** Opening Data to use block **

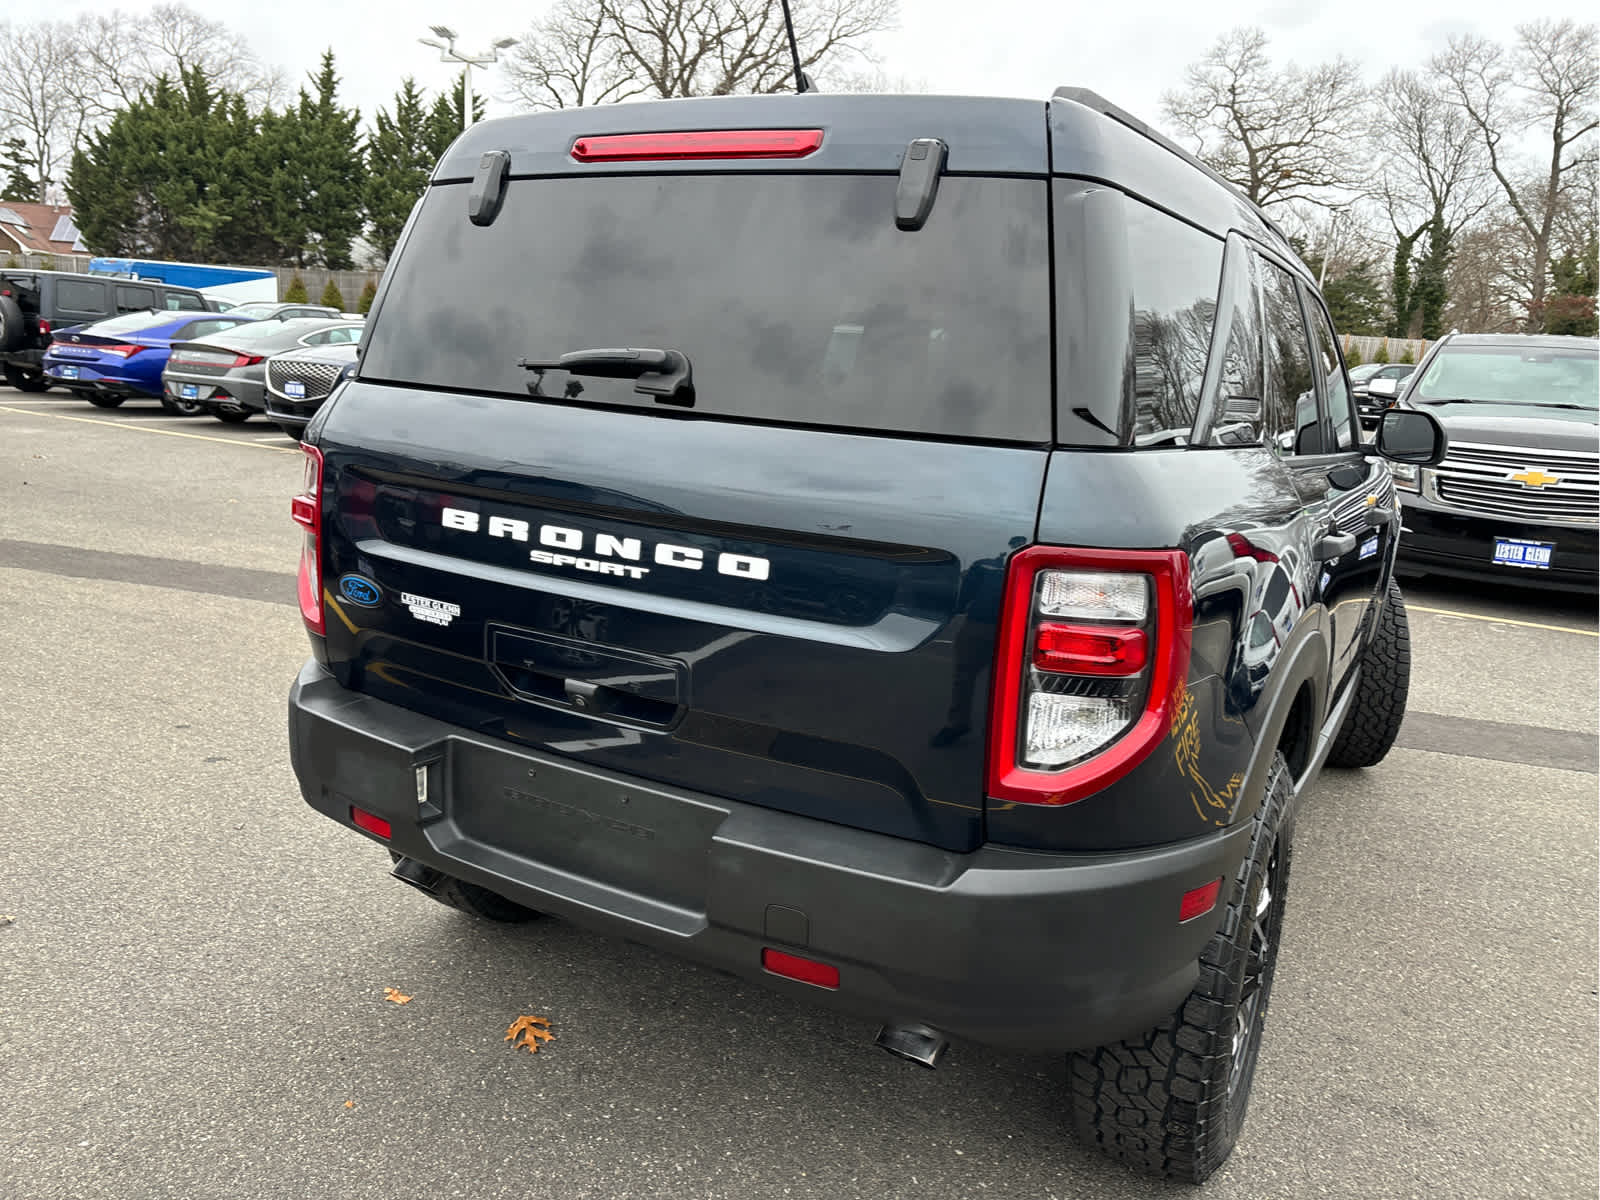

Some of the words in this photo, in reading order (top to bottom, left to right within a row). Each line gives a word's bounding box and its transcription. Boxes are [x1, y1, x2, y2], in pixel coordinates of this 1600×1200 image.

[441, 507, 770, 582] BRONCO
[1495, 543, 1524, 560] LESTER
[1525, 547, 1551, 563] GLENN
[530, 549, 649, 579] SPORT
[346, 580, 371, 601] Ford
[401, 592, 431, 608] LESTER
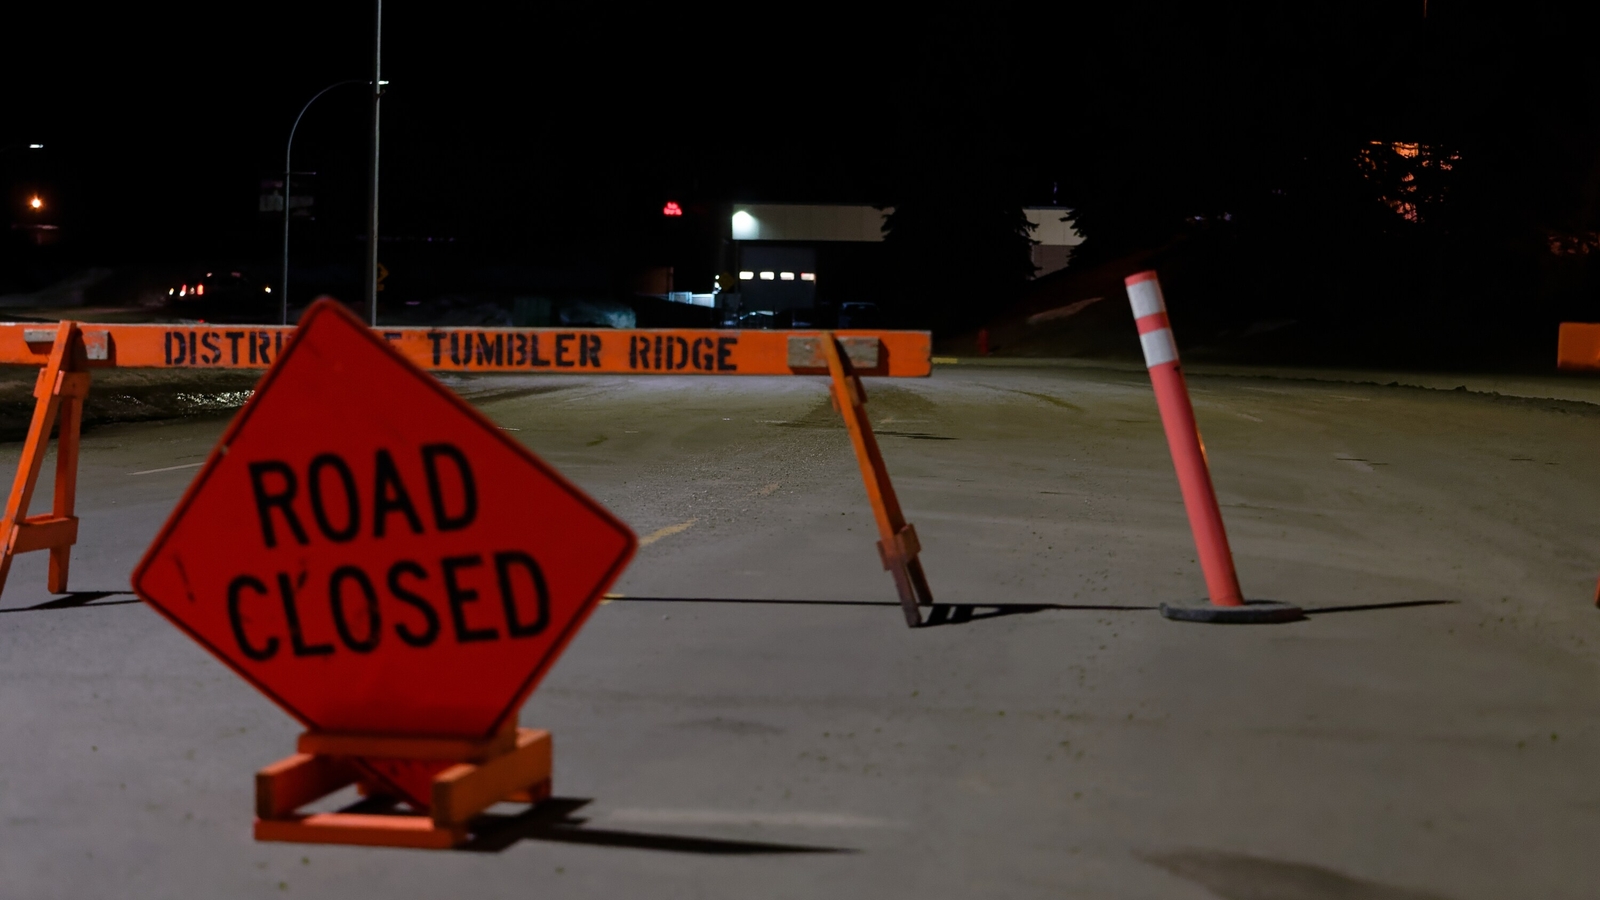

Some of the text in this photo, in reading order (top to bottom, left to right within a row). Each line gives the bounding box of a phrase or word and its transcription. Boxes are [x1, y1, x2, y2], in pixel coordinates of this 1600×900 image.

[165, 331, 738, 371] DISTRI TUMBLER RIDGE
[248, 442, 479, 549] ROAD
[227, 549, 551, 662] CLOSED
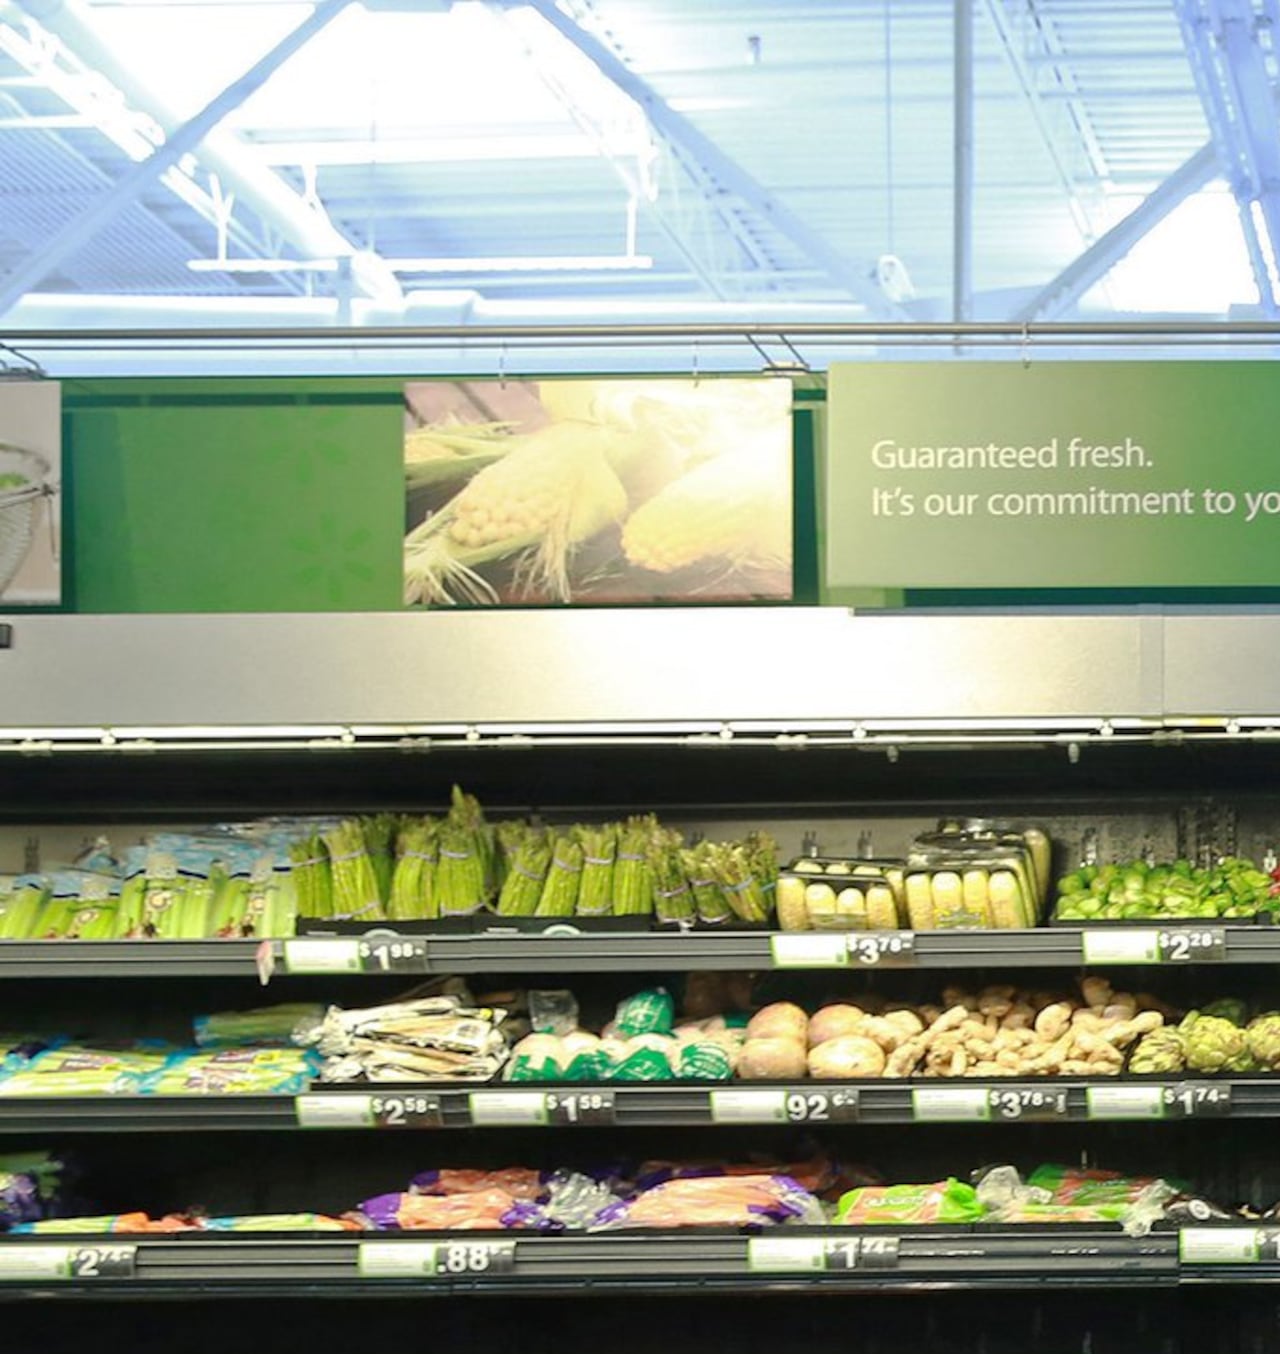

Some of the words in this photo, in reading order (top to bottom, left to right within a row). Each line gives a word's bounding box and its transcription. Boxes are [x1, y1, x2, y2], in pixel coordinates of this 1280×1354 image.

[871, 437, 1058, 469] Guaranteed
[1067, 437, 1154, 468] fresh.
[872, 486, 915, 516] It's
[924, 493, 979, 516] our
[987, 486, 1195, 516] commitment
[1202, 488, 1236, 514] to

** Closing Data to use block **

#### Problem to solve
Please write out exactly the lines starting at the one that contains "Some of the text" and ending with the final line of the entries, both ends included. Do not write out any pictures.

#### Task output
Some of the text in this photo, in reading order (top to bottom, left to right within a row). Each line gives the bounding box of a phrase or word and its transcription. Boxes are [x1, y1, x2, y2], in pixel coordinates of this 1600×900 image.

[165, 331, 738, 371] DISTRI TUMBLER RIDGE
[248, 442, 479, 549] ROAD
[227, 549, 551, 662] CLOSED

Some of the words in this photo, in reading order (top to bottom, left to right within a row). Each line gives a word's bounding box and its transcription. Boxes are [x1, y1, x2, y2], in pixel coordinates of this 1280×1354 image.

[871, 437, 1058, 469] Guaranteed
[1067, 437, 1154, 468] fresh.
[872, 486, 915, 516] It's
[924, 493, 979, 516] our
[987, 486, 1195, 516] commitment
[1202, 488, 1236, 514] to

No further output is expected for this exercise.